La porta è un elemento architettonico assolutamente necessario: immaginate una casa bellissima, un grande palazzo o un enorme castello ma senza ingressi: a cosa può servire? Sarebbe inabitabile, meglio, inaccessibile. Potrebbe contenere i capolavori più meravigliosi della storia umana ma rimarrebbero sconosciuti, avvolti nell’oblio del tempo che tutto cancella. Per l’ovile, cioè per il luogo che doveva proteggere il gregge durante la notte, essa aveva un ruolo fondamentale: la sua resistenza e la sua solidità assicurava la sopravvivenza di tutte le pecore durante la notte, nell’eventualità di un attacco dei lupi e dei ladri. Nel brano evangelico Gesù si presenta come la porta dell’ovile, colui attraverso il quale entriamo nel mistero stesso di Dio. La sua Parola è la grande porta che ci permette di varcare la soglia della misericordia del Padre; è Lui il grande e unico pastore che dona alle sue pecore la vita in tutta la sua pienezza e abbondanza. L’umanità di Cristo sulla croce si è spezzata per noi, è diventata porta che nella luce della risurrezione ci introduce oltre la morte, nell’aurora di un giorno che non conosce tramonto.

“Io sono la porta: se uno entra attraverso di me, sarà salvato; entrerà e uscirà e troverà pascolo”.

Afferma Gregorio di Nissa: “Gesù non è solo porta ma anche pascolo per il gregge che gli è stato affidato. Afferma: Il buon pastore si fa erba del pascolo, per chi si fa sua pecora. La Chiesa, perciò, per prima cosa t’insegna che devi farti pecora del buon pastore e lasciarti guidare dalla catechesi verso i pascoli e le sorgenti dell’insegnamento, per essere sepolto con lui mediante il battesimo nella sua morte, e senza aver paura d’una tale morte. Perché non si tratta di morte, bensì di «ombra della morte», di un’immagine […]”.

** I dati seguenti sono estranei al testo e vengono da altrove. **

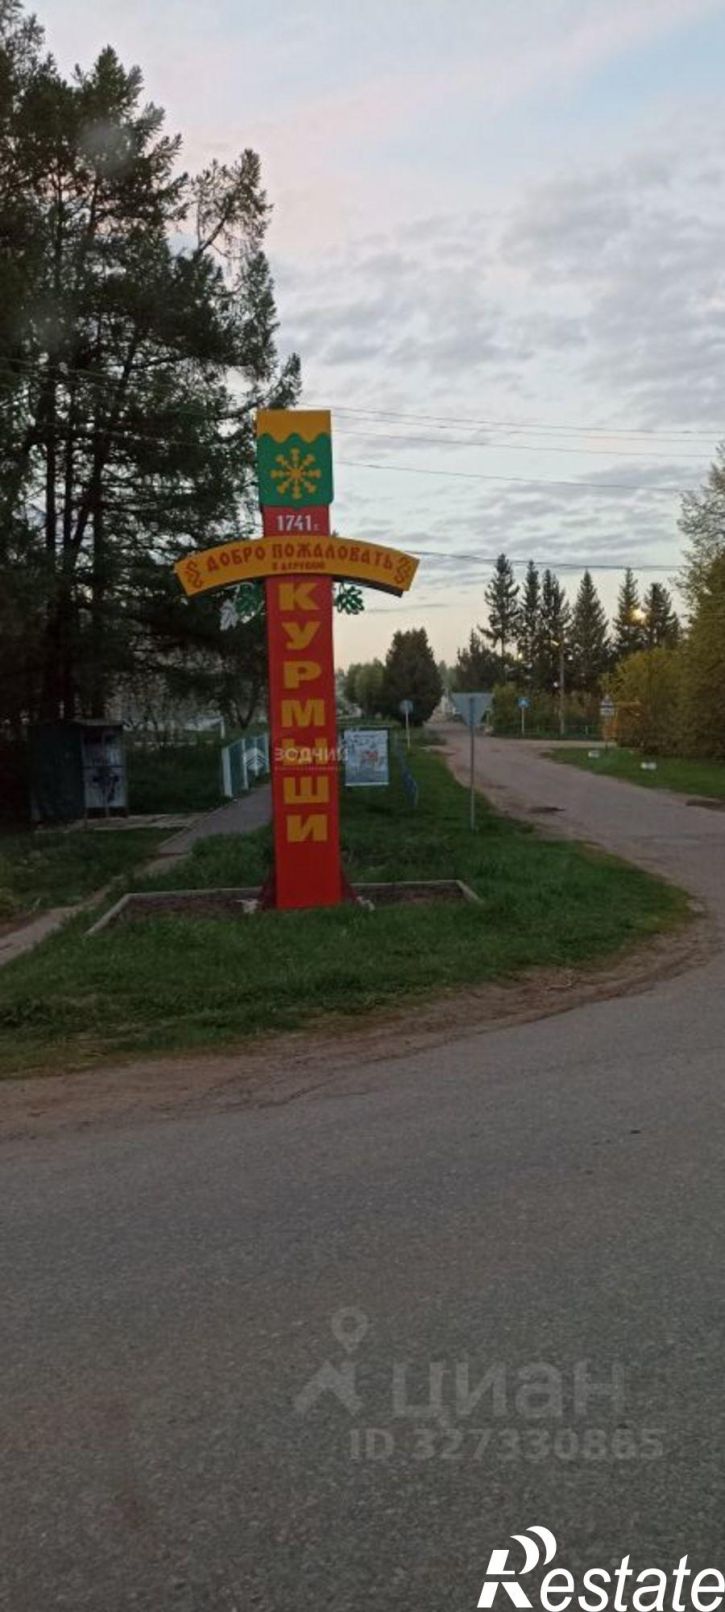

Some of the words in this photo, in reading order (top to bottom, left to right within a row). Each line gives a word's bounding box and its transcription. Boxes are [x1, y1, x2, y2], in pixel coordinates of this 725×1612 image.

Se seguiamo altra pastori, certamente moriremo, ma se seguiamo la voce di Gesù possiamo stare tranquilli, perché egli vuole solo il nostro bene e la nostra felicità eterna.

 

Preghiera:

Signore Gesù, i doni che ci vengono della tua risurrezione sono così abbondanti che non possiamo in nessun modo privatizzarli. Di vita, di gioia, di pace, di speranza ce n’è per tutti ed è di tutti. Non lasciare mai che il nostro cuore sia vinto dall’ingordigia spirituale di tenere tutto per noi… sarebbe un vero suicidio dell’anima perché ucciderebbe l’amore che abbiamo imparato ai piedi della tua croce. Alleluia!